BY TOM HESTER SR.
Assemblyman Scott Rudder (R-Burlington) on Wednesday called on the New Jersey Hall of Fame to eliminate 19th century cartoonist Thomas Nast from the list of potential 2012 inductees.
Rudder is the third legislator to argue that Nast’s racist depictions of Irish Catholics is inconsistent with the Hall of Fame’s mission.
“Thomas Nast’s depictions of Santa Claus are beloved, but his portrayal of Irish Catholics was deplorable,” Rudder, an Irish-American, said. “Nast’s inclusion on the public ballot for induction to the Hall of Fame is not only insulting to New Jersey residents of Irish descent or Catholic faith, but to people of every group that has been victimized by bigotry and stereotyping. I have asked the executive director of the Hall of Fame to have him removed from consideration immediately.”
Nast, who lived in Morristown, created magazine and newspaper political cartoons that were racially biased against Irish and German immigrants and African-Americans.
Nast also created the modern version of Santa Claus and Uncle Sam, and popularized the symbols of the Republican elephant and the Democratic donkey. But he also sketched cartoons portraying the Irish as violent drunks, and depicted Irish Catholic Bishops as crocodiles in a river, waiting to ambush American school children.
“Nast’s representation of the people of Ireland and Catholics was incendiary and damaging,” Rudder said. “His hateful rhetoric should have disqualified him from any Hall of Fame discussion. I have asked the executive director of the Hall of Fame (Don Jay Smith) to have him removed from consideration immediately.”
The Hall of Fame’s mission statement says: “By presenting significant and powerful role models … the Hall of Fame is a source of learning, inspiration and hope for children.”
“The state Hall of Fame should promote tolerance and acceptance, not the racial bigotry and religious paranoia that Nast promoted in some of his work,” Rudder said. “Thomas Nast used his sketch pencil as a weapon to denigrate Irish Catholics and play on public fears.”
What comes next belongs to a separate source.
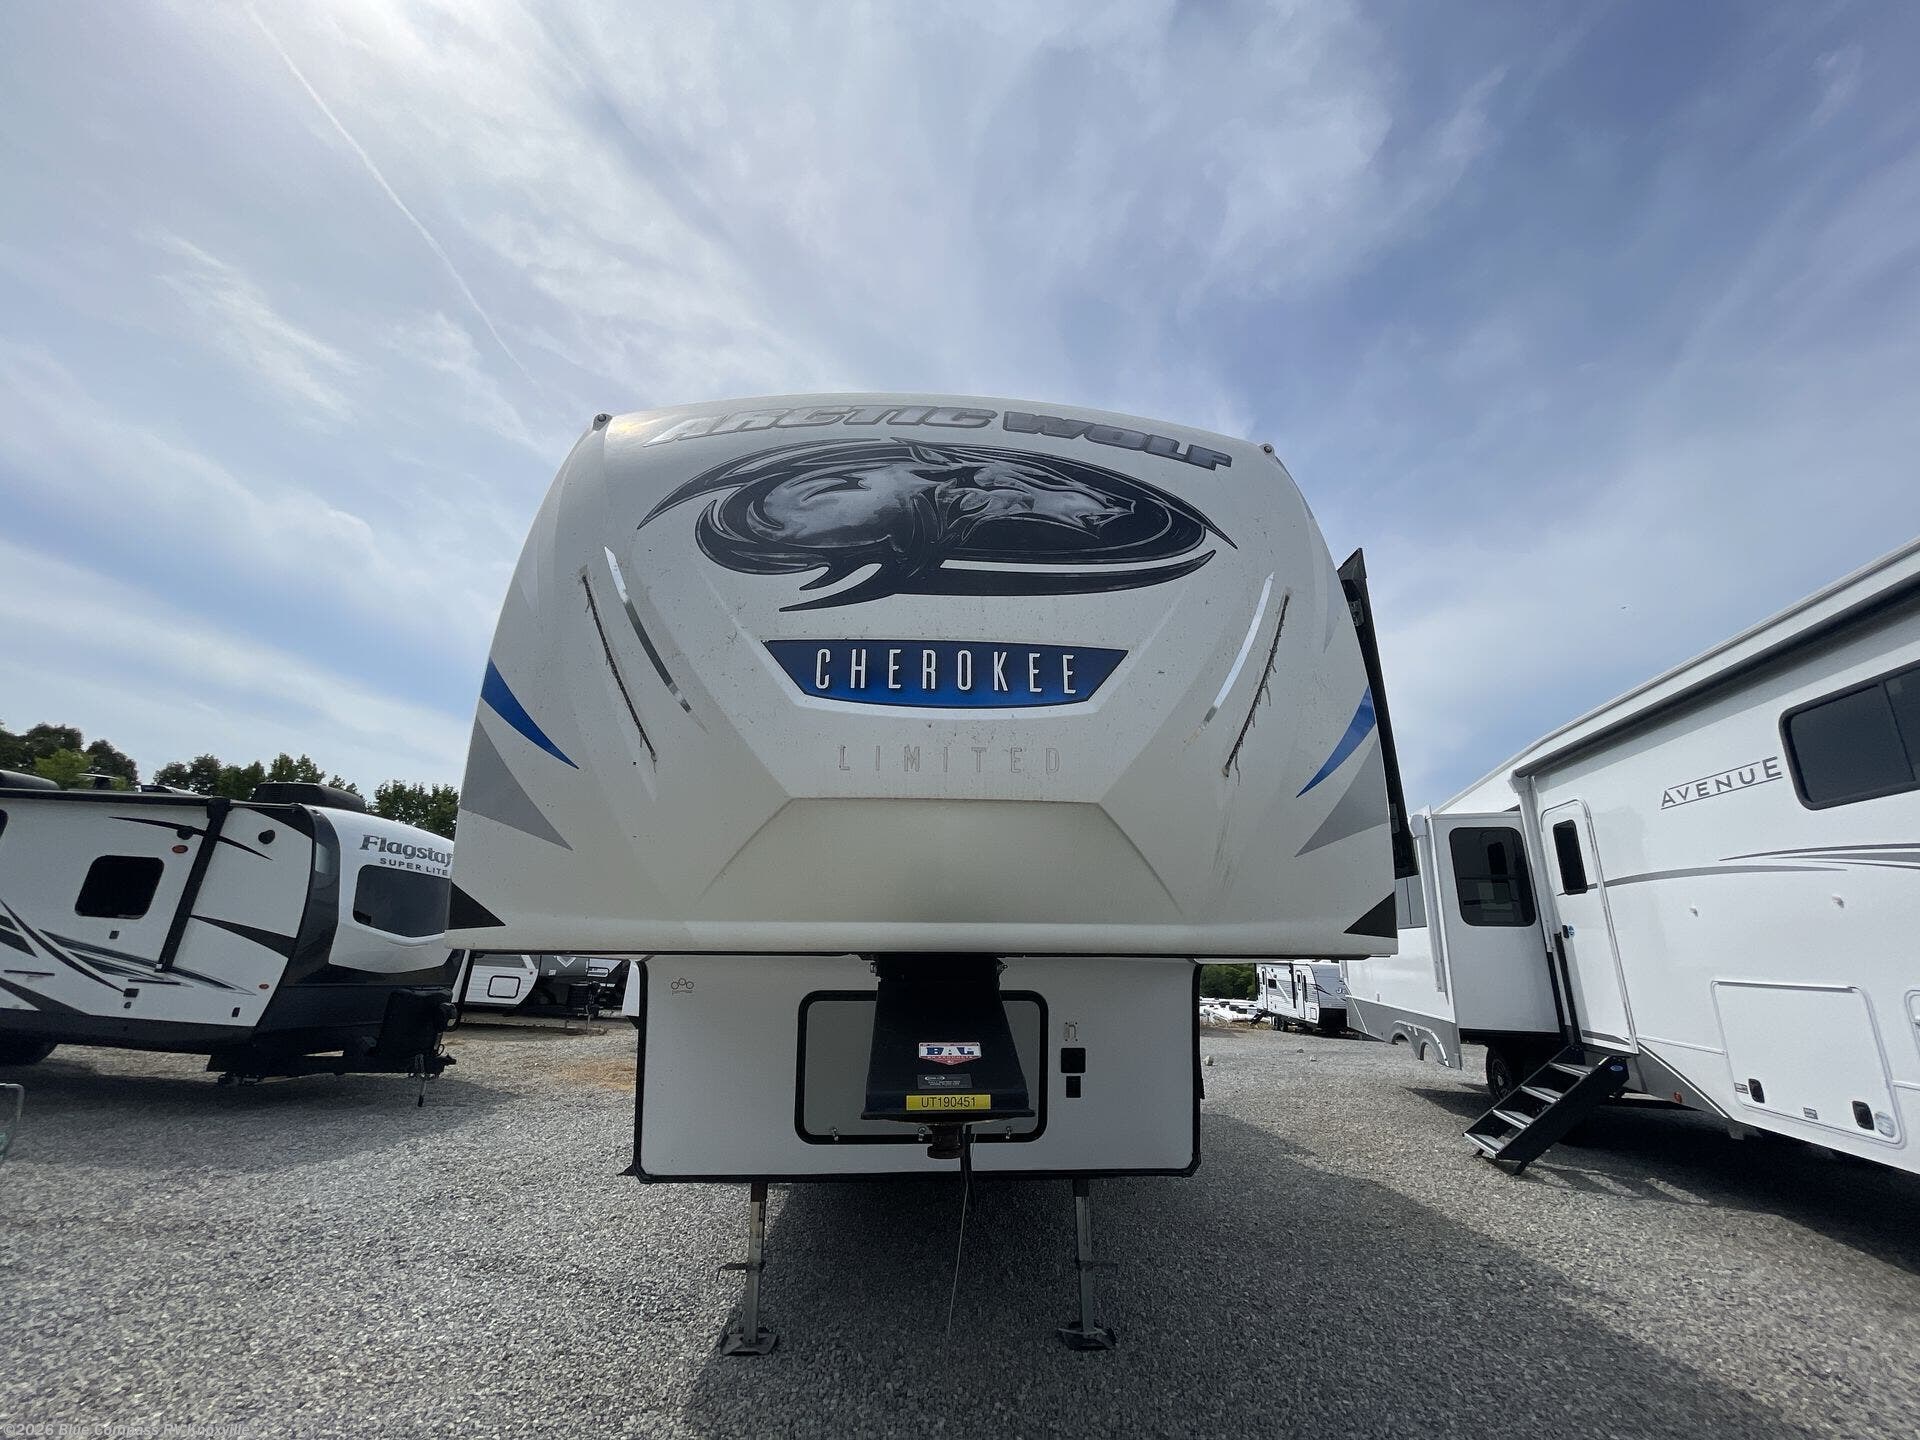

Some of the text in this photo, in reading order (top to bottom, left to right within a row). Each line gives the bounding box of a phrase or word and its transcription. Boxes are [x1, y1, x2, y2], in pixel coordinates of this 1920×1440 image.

Smith maintains Nast’s anti-Irish cartoons were a fraction of his work and stemmed from his dislike of Tammany Hall, New York City’s 19th century Democratic political machine. Smith has pointed out that this year marks the third year that Nast has been a nominee.
"He attacked the Irish because they were the main supporters of the Democratic machine of Tammany Hall, which he opposed,” Smith said two weeks ago. “If it had been another group, he would have attacked them. The feeling on our board of commissioners is that this is his third year as a nominee, and it’s up to the public to decide if he’s worthy of the nomination”
Assemblymen Wayne P. DeAngelo (D-Mercer) and Scott Rumana (R-Passaic) and the New Jersey Ancient Order of Hibernians also have called for the removal of Nast’s name from the ballot.
Nast is nominated in the Hall of Fame’s largest category, General, which includes educators, writers, poets, military leaders, scholars and more. The other nominees include artists Alexander Calder, Alfred Stieglitz, Charles Addams; philanthropist Doris Duke, economist Milton Friedman, writers Joyce Carol Oates and Dorothy Parker, scholar Dorothy Porter Wesley and former Gov. Tom Kean.
If Nast is chosen for the Hall of Fame, Gov. Chris Christie, will have the role of announcing his selection.